Figure 8. Lysosomal inhibitors block BILF1-enhanced degradation of MHC class I.

(A) 293 cells stably transduced with control- (c) or BILF1- (b) retrovirus were treated with or without Bafilomycin A1, concanamycin A, or leupeptin for 20 hr. Lysates from 2×10⁵ cell equivalents were separated by SDS/PAGE gel, and analyzed by western blotting using antibodies specific for MHC class I (HC10) and calregulin. The blot is one representative of three independent experiments. The histogram shows the mean results (±S.D.) of quantification by densitometry of all the blots from 3 independent experiments, where the densities of the HC10 bands were normalized relative to their own calregulin loading control. (B) 293 cells stably transduced with control or BILF1 retrovirus were treated with concanamycin A (50 nM) for 6 hr prior to fixation and permeabilization with methanol/acetone, then stained with W6/32 primary antibodies and Alexa Fluor® 488 goat anti-mouse IgG secondary antibodies.

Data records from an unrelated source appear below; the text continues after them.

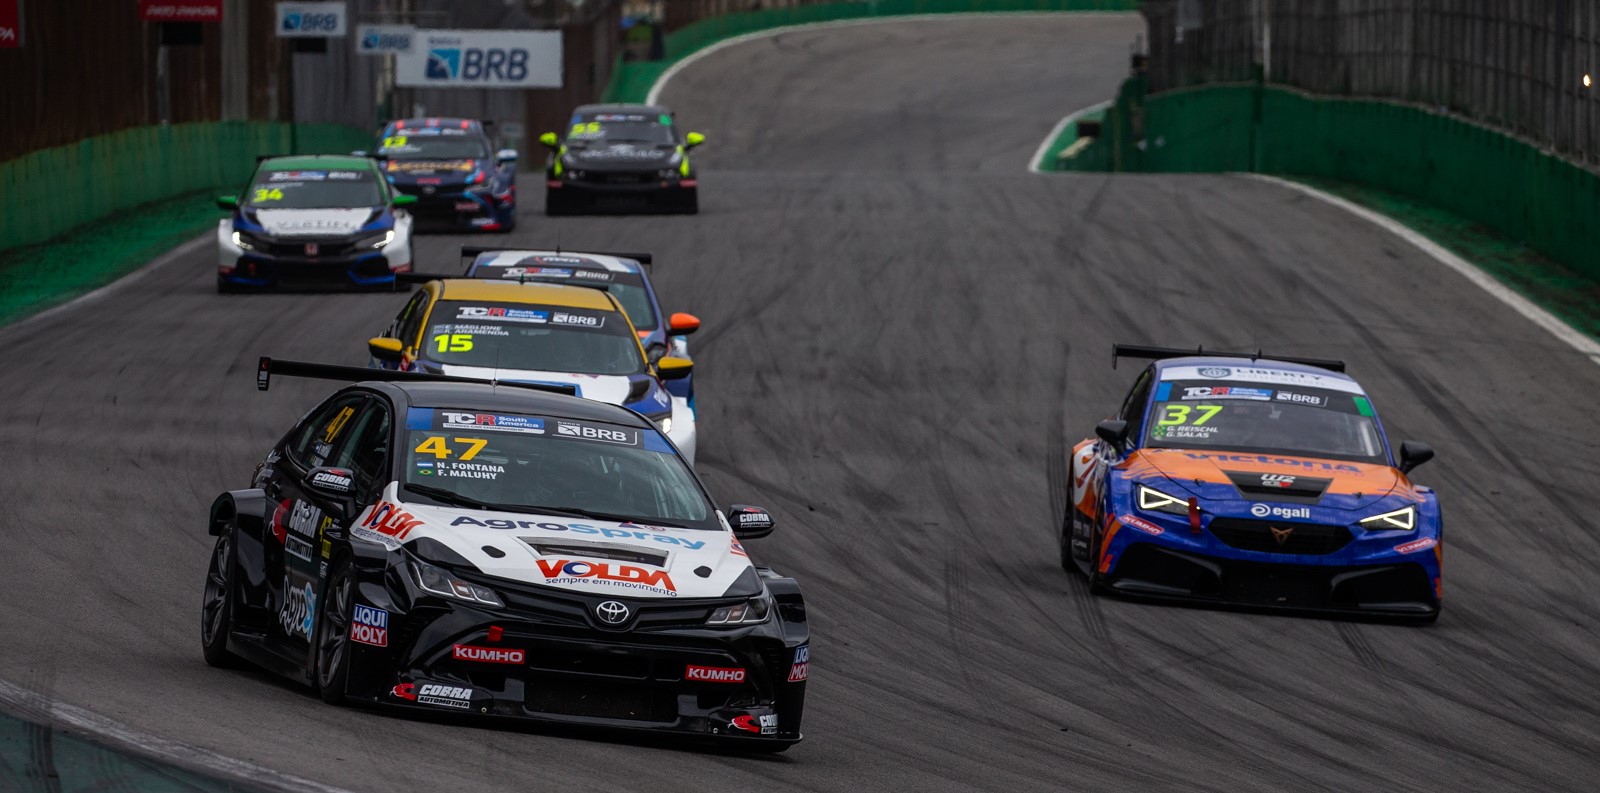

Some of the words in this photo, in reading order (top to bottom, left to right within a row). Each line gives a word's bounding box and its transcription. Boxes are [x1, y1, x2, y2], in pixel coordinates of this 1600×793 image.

[301, 13, 337, 31] BRB
[379, 34, 411, 50] BRB
[462, 48, 529, 80] BRB
[254, 188, 284, 203] 34
[458, 306, 507, 318] TCR
[567, 315, 597, 326] BRB
[433, 334, 474, 353] 15
[1183, 386, 1230, 396] TCR
[1291, 394, 1321, 405] BRB
[442, 412, 497, 426] TCR
[1158, 405, 1223, 425] 37
[498, 420, 539, 429] America
[582, 427, 627, 441] BRB
[415, 436, 489, 461] 47
[452, 462, 505, 473] FONTANA
[314, 472, 352, 486] COBRA
[449, 470, 498, 480] MALUHY
[740, 513, 770, 522] COBRA
[1272, 507, 1311, 520] egali
[450, 515, 706, 550] AgroSpray
[535, 559, 677, 592] VOLDA
[545, 577, 589, 585] sempre
[613, 581, 678, 598] movimento
[354, 606, 386, 628] LIQUI
[351, 623, 386, 644] MOLY
[455, 647, 523, 662] KUMHO
[687, 667, 745, 681] KUMHO
[419, 684, 473, 700] COBRA
[418, 695, 470, 708] AUTOMOTIVA

The photographs were obtained with a conventional fluorescence microscope. (C) 293 cells stably transduced with control (c) or BILF1 (b) retrovirus were treated with or without the proteasome inhibitor, MG132, for 20 hr, and analyzed by western blot as in panel A. The additional, lower molecular weight species detected is probably deglycosylated and/or partially degraded free heavy chain that is normally targeted for proteasomal degradation.